In July 2023, the vessel arrived in the Channel Islands after several weeks in a dry dock in El Astillero, Spain. Following refurbishment, she entered service in November 2023.

===Brittany Ferries===
Following Condor's majority takeover by Brittany Ferries in 2024 and a new 15-year contract agreement with Guernsey, the Condor prefix was dropped from Islander's name, and she was repainted in the Brittany Ferries livery in Gdańsk, Poland. She remains under the ownership of the States of Guernsey and is now leased to Brittany Ferries

==Incidents==
===StraitNZ===
- In July 2016, a truck and B-train trailer unit aboard the Straitsman snapped its lashings and fell overboard off the coast of Island Bay.
- On 24 February 2023, a crewmember was hit by a truck reversing on board at Wellington, causing delays. The crewmember suffered bruising and a broken wrist.

===Condor Ferries===
- Upon introduction to the Condor fleet, the first sailing for Condor Islander was scheduled to take place in November 2023 however, it was brought forward to October 2023 with freight services starting on the 8th and both passenger and freight services on the 15th. It was then pushed back again to 20 October 2023 because of the late installation of vital equipment.
- Due to the conditions of Storm Babet, Condor Islander's first sailing with passengers on 20 October 2023 was cancelled and pushed back to the 22rd of the same month.
- On 23 October 2023, the inter-island service from Guernsey to Jersey was cancelled due to technical problems.
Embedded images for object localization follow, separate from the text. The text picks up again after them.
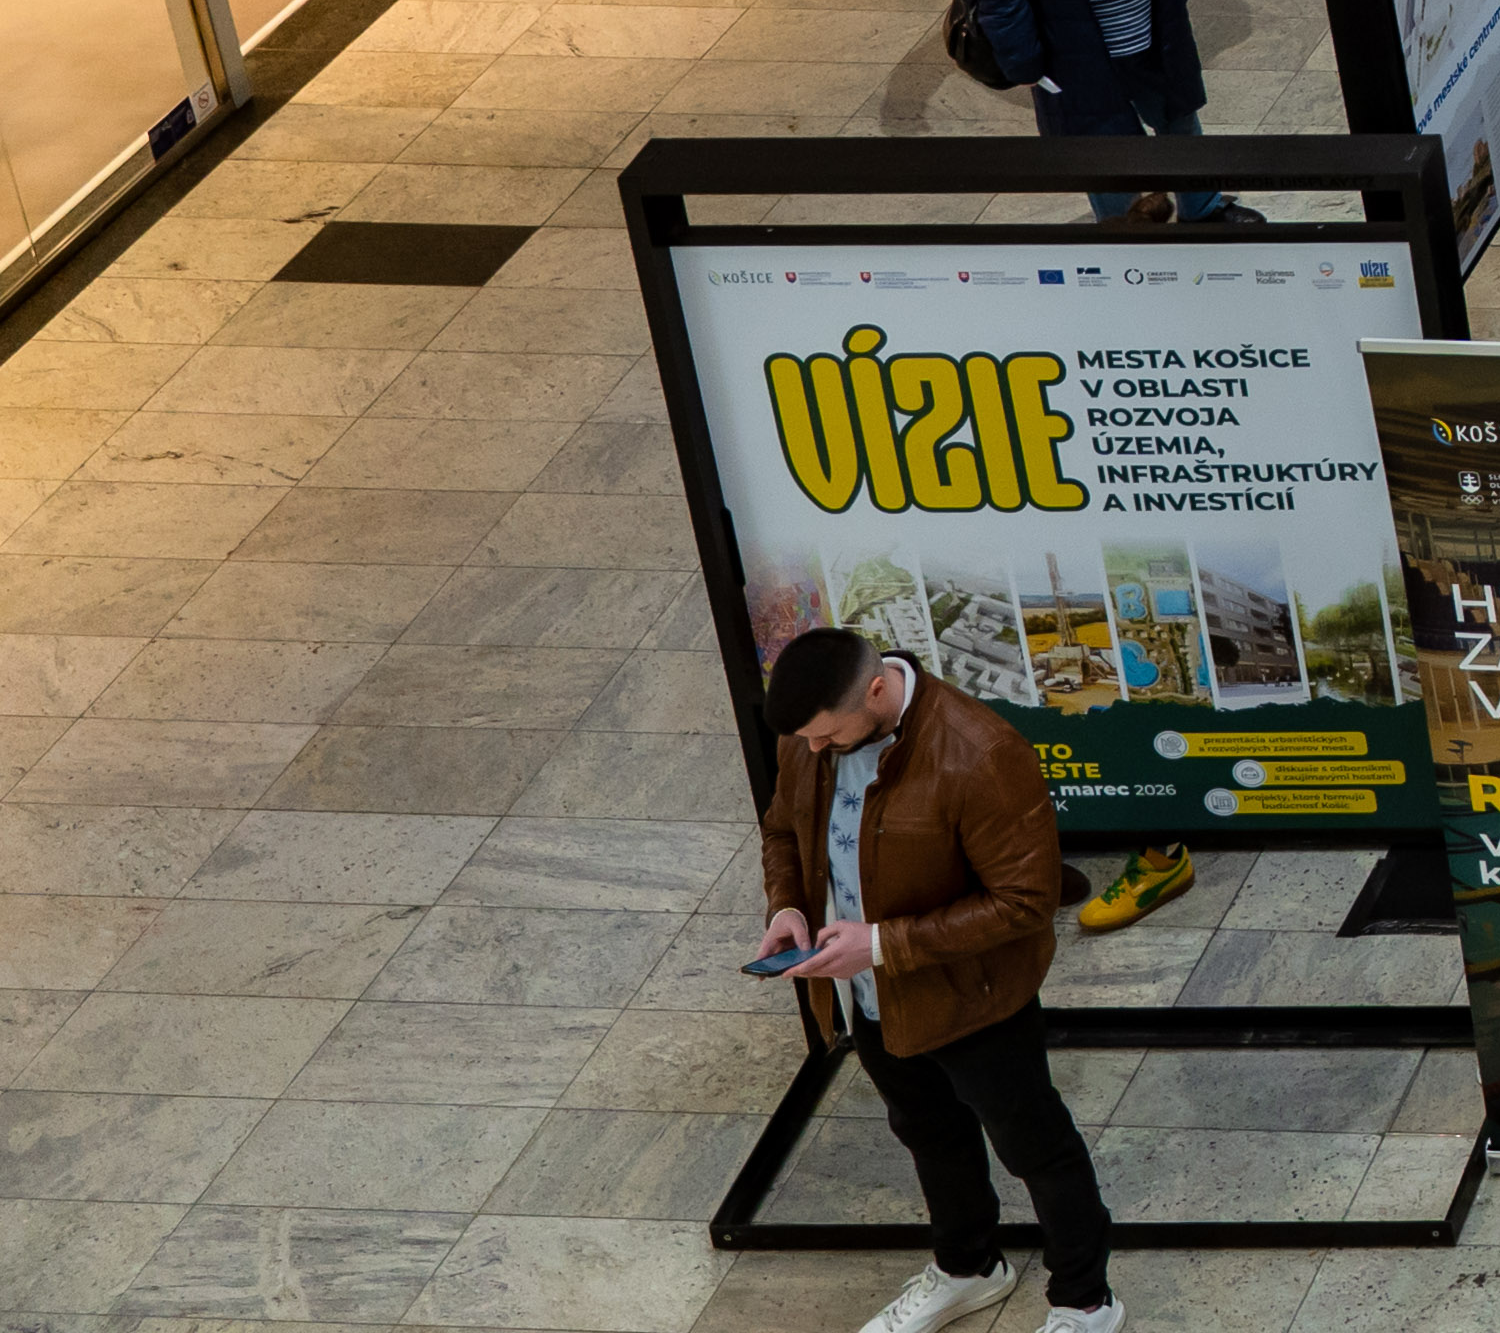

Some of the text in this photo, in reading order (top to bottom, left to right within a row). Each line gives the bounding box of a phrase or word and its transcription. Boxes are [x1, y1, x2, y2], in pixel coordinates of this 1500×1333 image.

[723, 270, 774, 284] KOŠICE
[1076, 343, 1311, 370] MESTA KOŠICE
[1080, 378, 1249, 399] V OBLASTI
[764, 324, 1090, 514] VÍZIE
[1088, 407, 1240, 428] ROZVOJA
[1092, 431, 1226, 459] ÚZEMIA,
[1097, 456, 1379, 485] INFRAŠTRUKTÚRY
[1103, 484, 1296, 512] A INVESTÍCIÍ
[1060, 785, 1176, 796] marec 2026
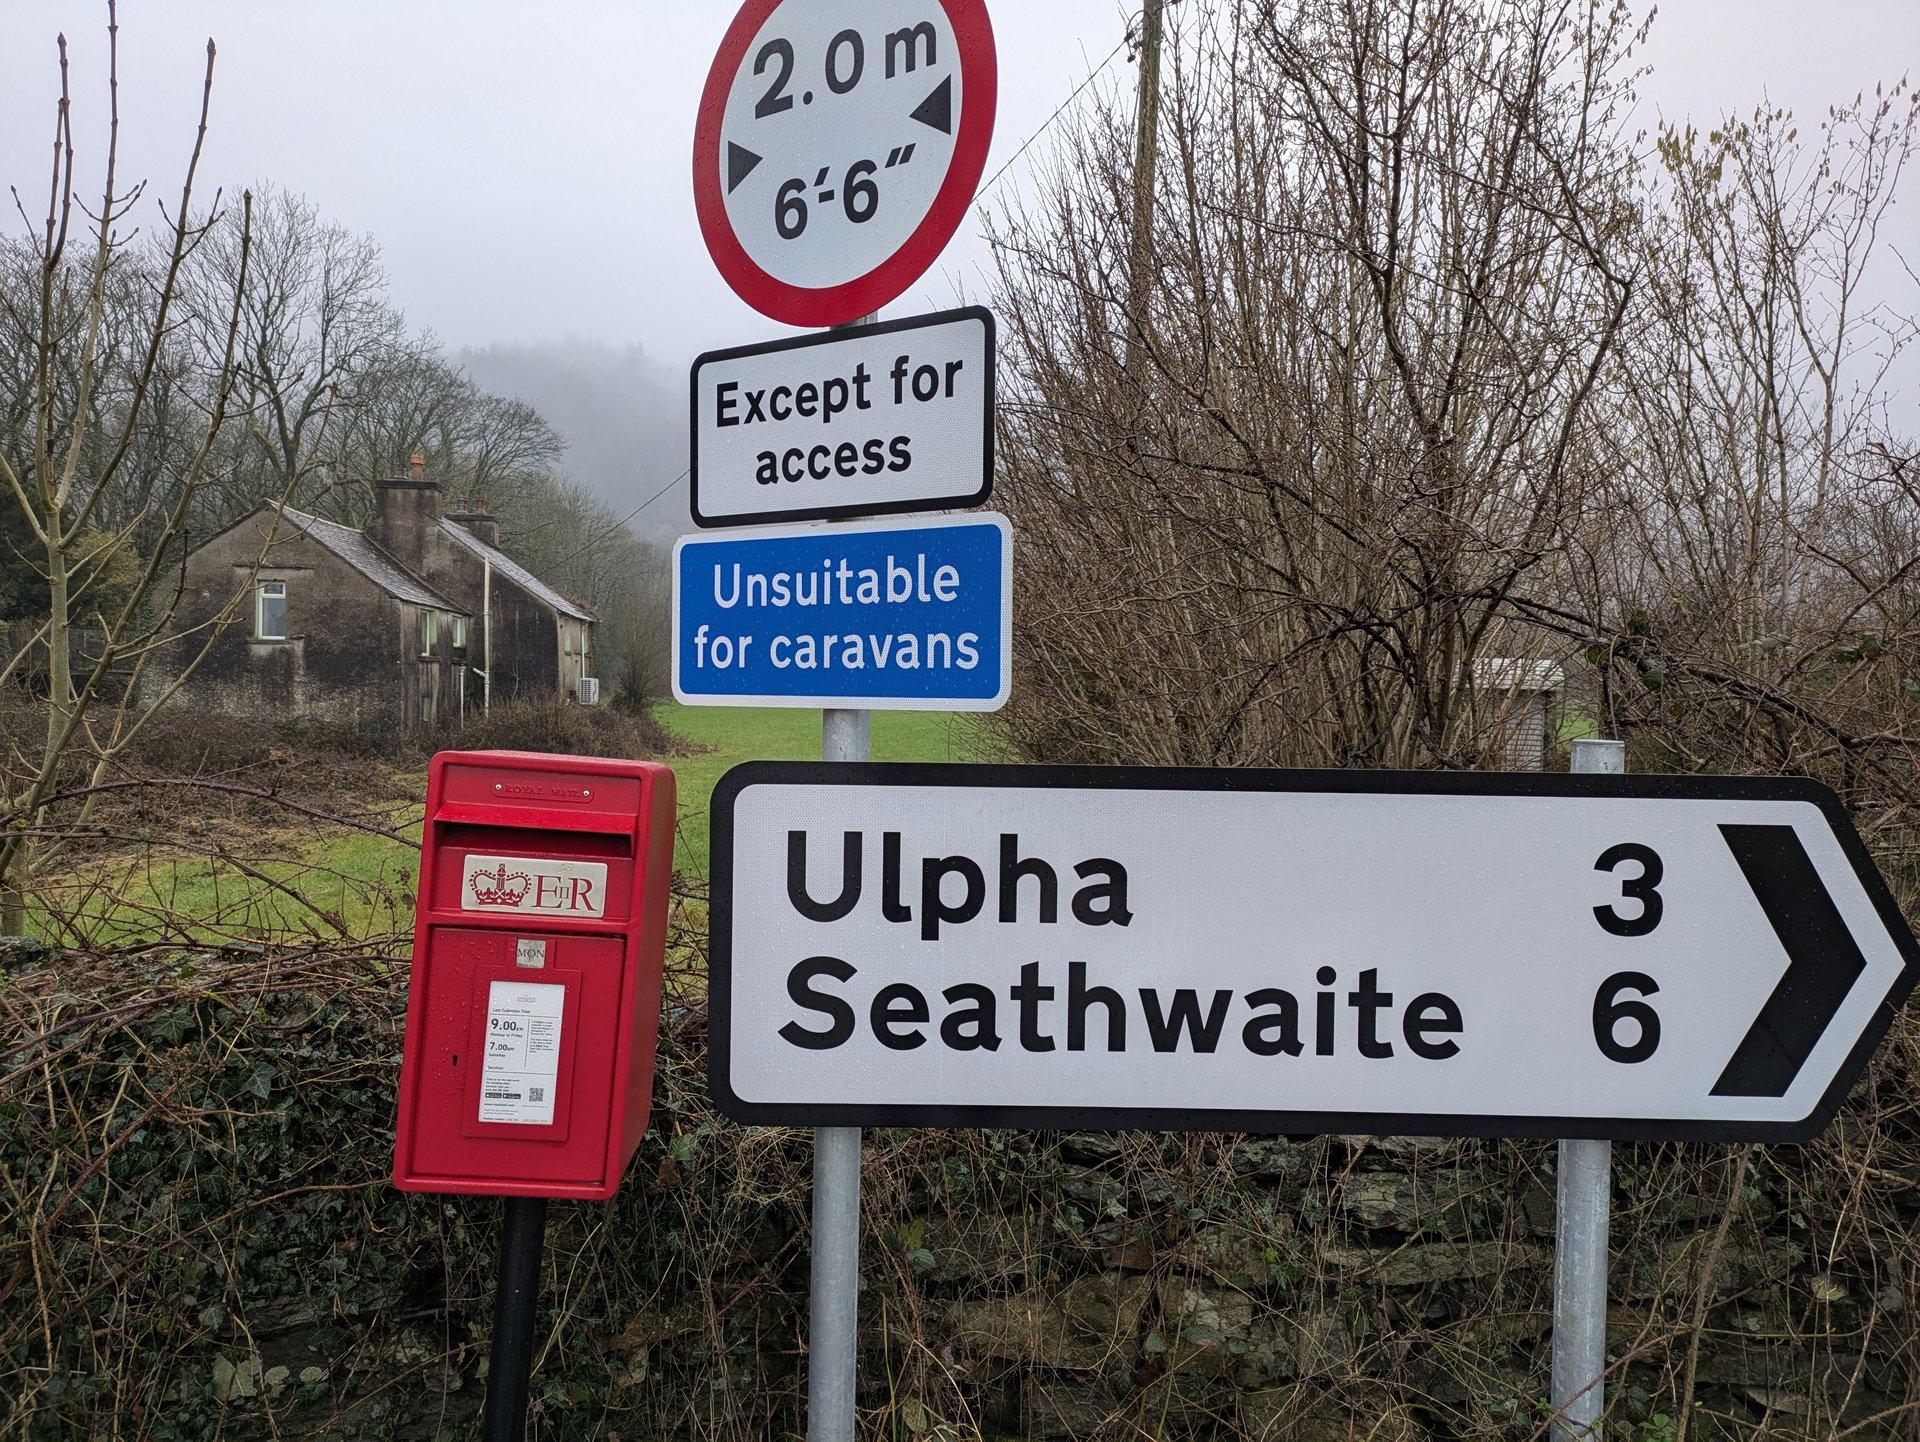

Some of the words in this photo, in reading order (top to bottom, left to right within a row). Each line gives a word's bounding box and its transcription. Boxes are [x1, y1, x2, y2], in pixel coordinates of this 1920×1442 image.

[754, 29, 864, 119] 2.0
[886, 22, 936, 79] m
[717, 362, 871, 427] Except
[891, 356, 963, 405] for
[756, 436, 911, 485] access
[714, 554, 960, 609] Unsuitable
[695, 625, 752, 668] for
[771, 632, 979, 670] caravans
[505, 784, 543, 795] ROYAL
[551, 787, 580, 797] MAIL
[787, 831, 1133, 942] Ulpha
[1593, 843, 1663, 938] 3
[517, 949, 545, 958] MON
[778, 956, 1464, 1060] Seathwaite
[1593, 971, 1661, 1065] 6
The sailing onto Portsmouth departed from Guernsey instead, much earlier than anticipated
- On 25 October 2023, it was discovered that there were faults with the front bow thrusters of the ship and that they would need repairing. It was announced that the vessel would be pulled out of service until 2 November of the same year and all scheduled sailings were cancelled.
- On 3 July 2024, Condor Islander came into contact with one of the Saint Helier Harbour walls during strong winds, upon arrival in Jersey. The vessel remained in the harbour overnight before continuing its sailing onto Guernsey. There was recorded damage to both the Condor Islander and the east berth of the harbour.